(Dataset entries)
################

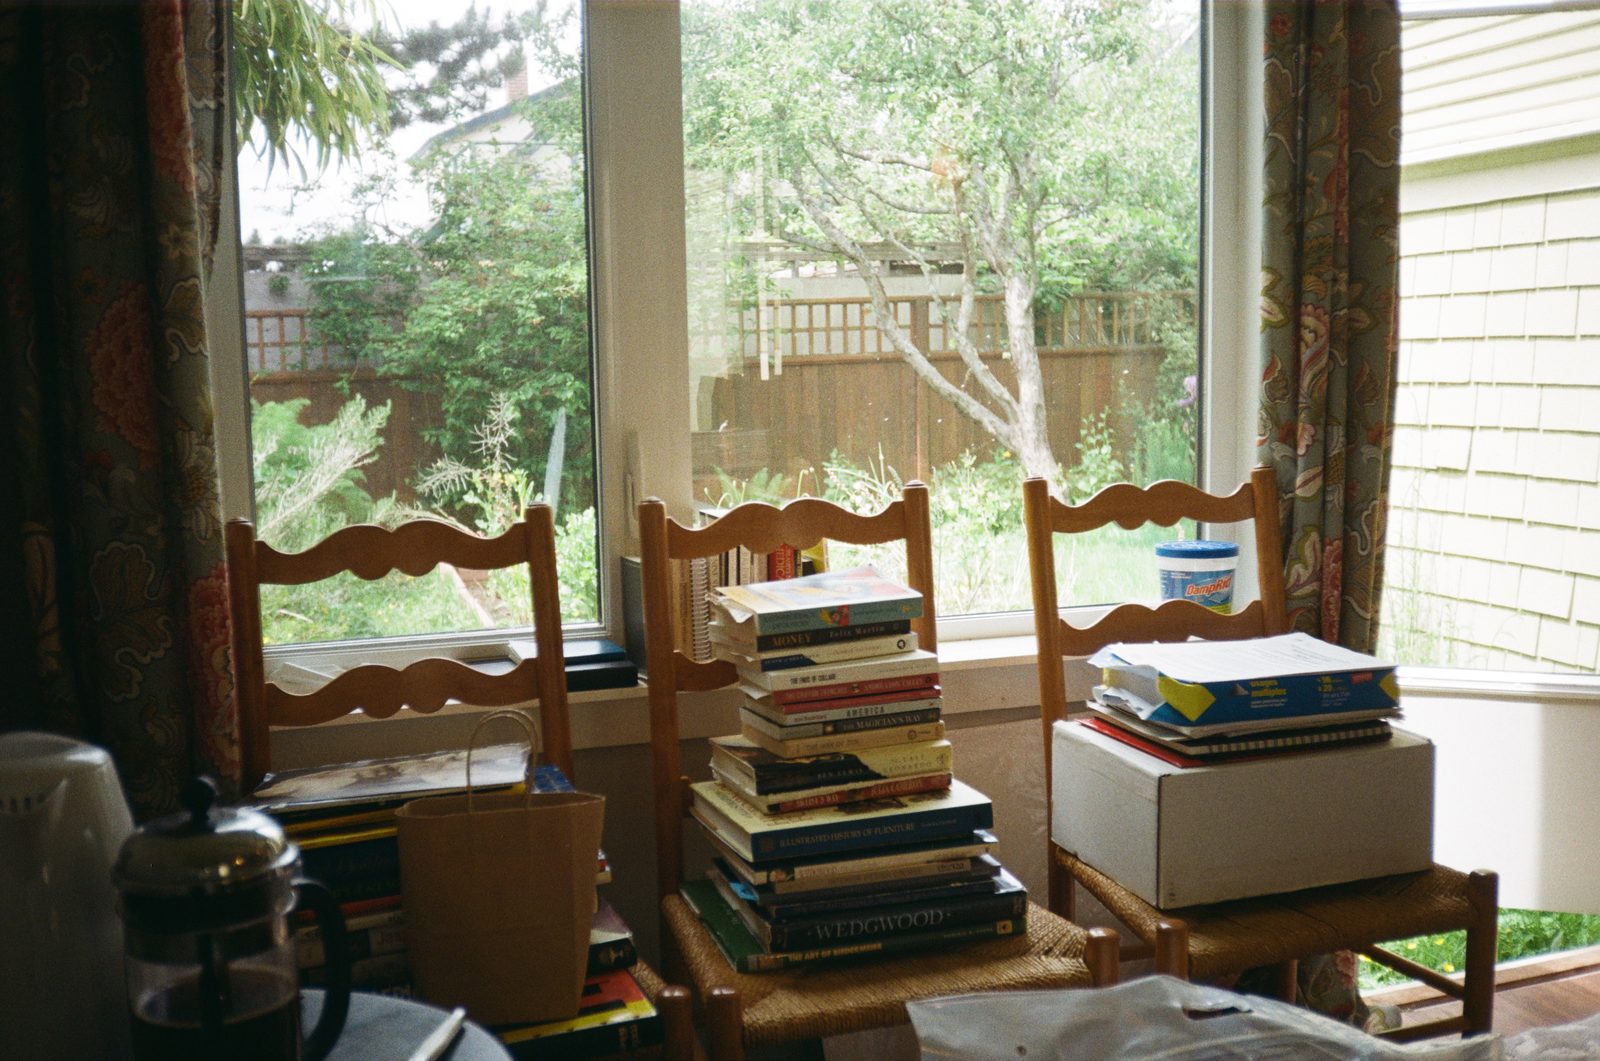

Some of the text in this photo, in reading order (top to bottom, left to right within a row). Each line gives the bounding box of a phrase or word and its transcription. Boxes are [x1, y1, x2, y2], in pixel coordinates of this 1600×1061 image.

[772, 626, 886, 647] MONEY Felix Martin
[846, 706, 885, 717] AMERICA
[856, 717, 903, 728] MAGICIAN'S
[904, 714, 921, 724] WAY
[779, 833, 829, 848] ILLUSTRATED
[831, 829, 862, 842] HISTORY
[863, 827, 873, 838] OF
[874, 822, 915, 837] FURNITURE
[815, 909, 944, 940] WEDGWOOD
[788, 951, 804, 961] THE
[805, 949, 819, 960] ART
[820, 948, 832, 958] OF
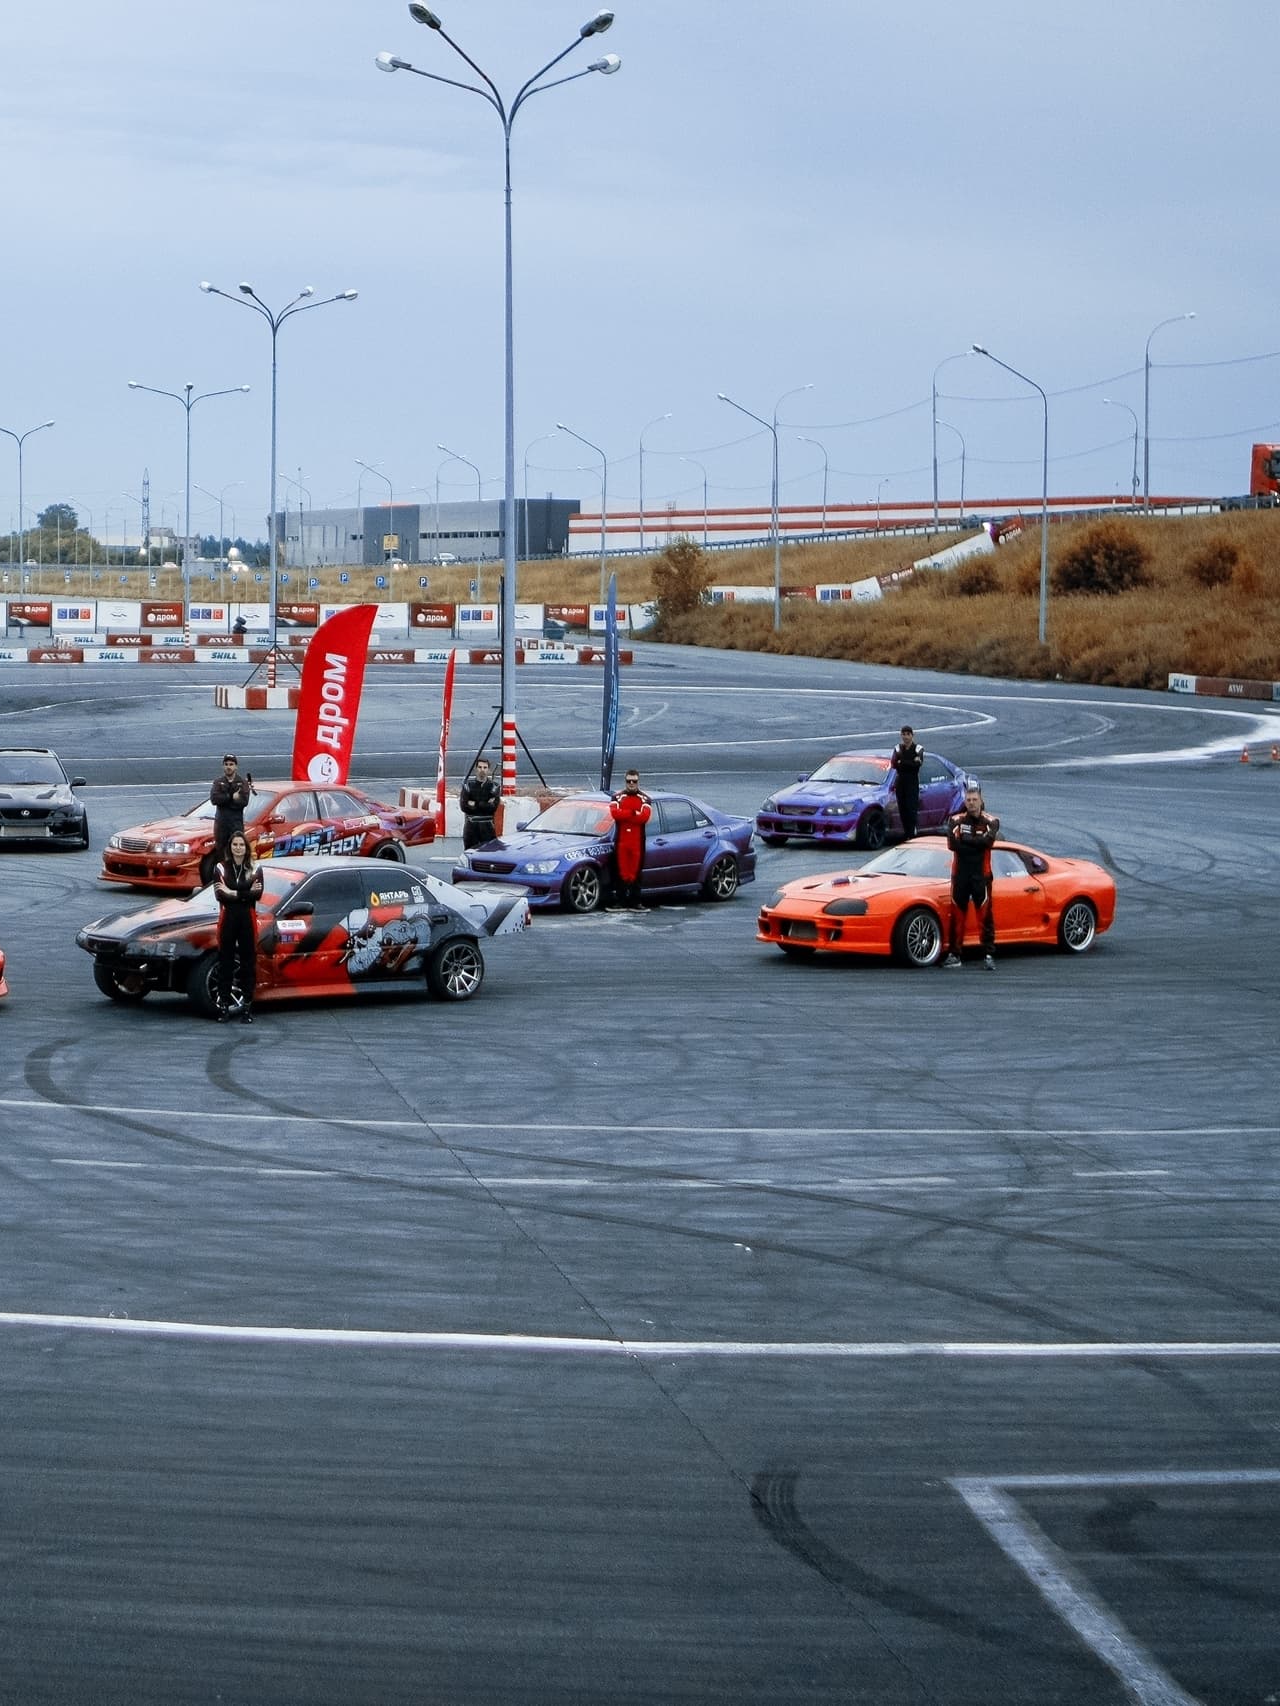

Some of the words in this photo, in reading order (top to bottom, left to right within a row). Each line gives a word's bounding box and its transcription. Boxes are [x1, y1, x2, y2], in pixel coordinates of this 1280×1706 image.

[57, 609, 90, 619] SKR
[190, 609, 223, 619] SKR
[461, 610, 493, 620] SKR
[99, 652, 124, 660] SKILL
[211, 652, 237, 660] SKILL
[316, 653, 349, 749] дром
[379, 890, 409, 900] ЯНТАРЬ

################

◆ What is being asked:
An exact reprint of every record is required, with the pictures omitted.

◆ Result below:
Some of the text in this photo, in reading order (top to bottom, left to right within a row). Each line gives the bounding box of a phrase or word and its transcription. Boxes are [x1, y1, x2, y2], in pixel coordinates of this 1600×1061 image.

[772, 626, 886, 647] MONEY Felix Martin
[846, 706, 885, 717] AMERICA
[856, 717, 903, 728] MAGICIAN'S
[904, 714, 921, 724] WAY
[779, 833, 829, 848] ILLUSTRATED
[831, 829, 862, 842] HISTORY
[863, 827, 873, 838] OF
[874, 822, 915, 837] FURNITURE
[815, 909, 944, 940] WEDGWOOD
[788, 951, 804, 961] THE
[805, 949, 819, 960] ART
[820, 948, 832, 958] OF

Some of the words in this photo, in reading order (top to bottom, left to right within a row). Each line gives a word's bounding box and its transcription. Boxes are [x1, y1, x2, y2], in pixel coordinates of this 1280×1706 image.

[57, 609, 90, 619] SKR
[190, 609, 223, 619] SKR
[461, 610, 493, 620] SKR
[99, 652, 124, 660] SKILL
[211, 652, 237, 660] SKILL
[316, 653, 349, 749] дром
[379, 890, 409, 900] ЯНТАРЬ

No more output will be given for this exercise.